2. Do not give out any personal information for a long time. Meet a man in a public place for a cup of coffee or a quick drink. Do not give him your last name. If you like him, agree to meet him again in another public place-maybe at a restaurant for dinner or lunch. For the third date, meet him again in a public place and if you feel safe after that feel free to start giving out personal information. I know a few women who had horrendous experiences dating men they meet on-line. They all cave out personal information too soon. One of these women had to spend months prosecuting a stalker. Better to be overly safe than sorry.

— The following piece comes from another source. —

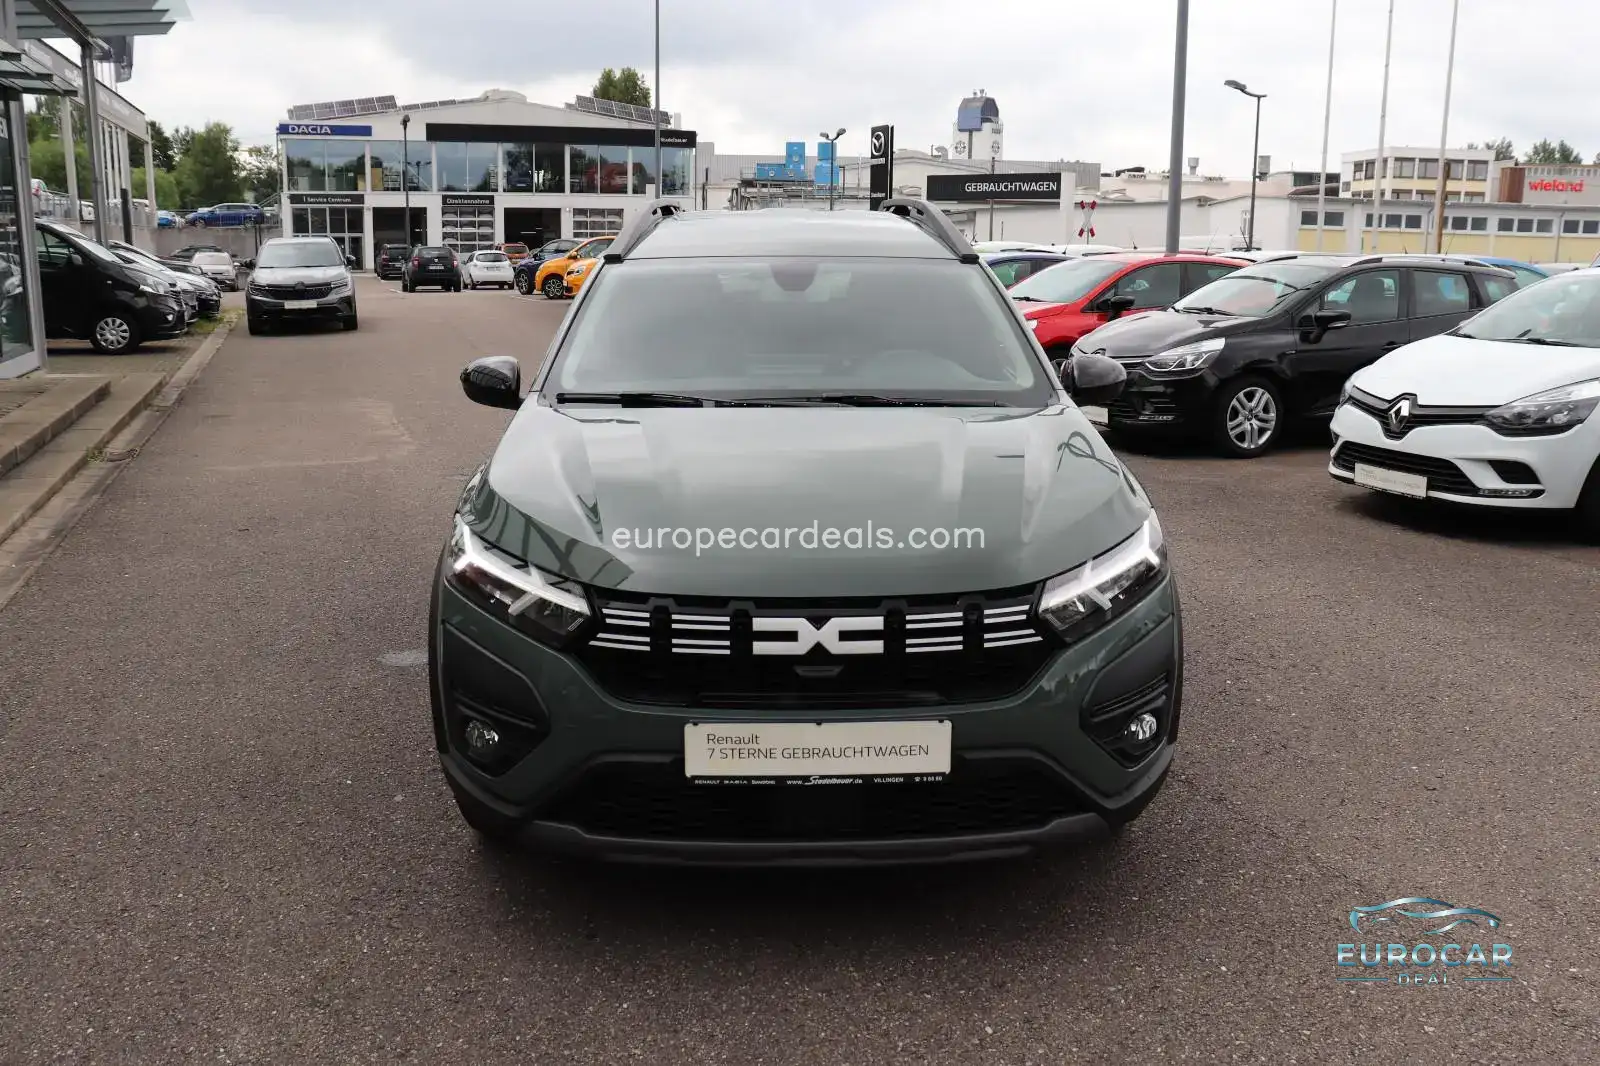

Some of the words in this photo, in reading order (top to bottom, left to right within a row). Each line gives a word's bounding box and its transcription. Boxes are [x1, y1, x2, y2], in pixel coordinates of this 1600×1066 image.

3. Listen for red flags. So there he is across the table telling you all about what a great guy he is, when it slips out, he abandoned his children, or gets drunk on the weekends. Sure he justifies his actions and demonizes his ex-wife or last love, but there are two sides to every story. If you are looking for a good guy or trying to avoid an irresponsible chap, move on. If you can not confront him face to face, send him an email when you get home.
4. Give the nice guy a second chance. Sometimes, we meet a really nice guy but do not feel any attraction. In the long run, you might be much better off with a reliable partner you can trust than a guy with a lot of "bling". Give the nice guy a second date, and be open. You may surprise yourself.
5. When you meet someone, do not be concerned about what he thinks of you; Figure out what you think about him. Does he have characteristics you value? Women are often trained to be more concerned about how we will meet someone else's expectations. We dress, talk and act in hopes that the guy will like us. Let it go. Be yourself and focus on getting to know him. Is he someone you want to spend more time with? If so, let him know at the end of the date or send him a nice email when you get home. It's better to be returned by a man you really want to be with than be with a man you do not care for even though he really likes you.
Remember the goal of dating is not just to find "THE ONE"; it's to get to know some nice guys and enjoy some male companionship. If you meet someone and it leads to a long term romance or marriage and you both want it, that's great. In the meantime, relax and enjoy your dating life as a single woman.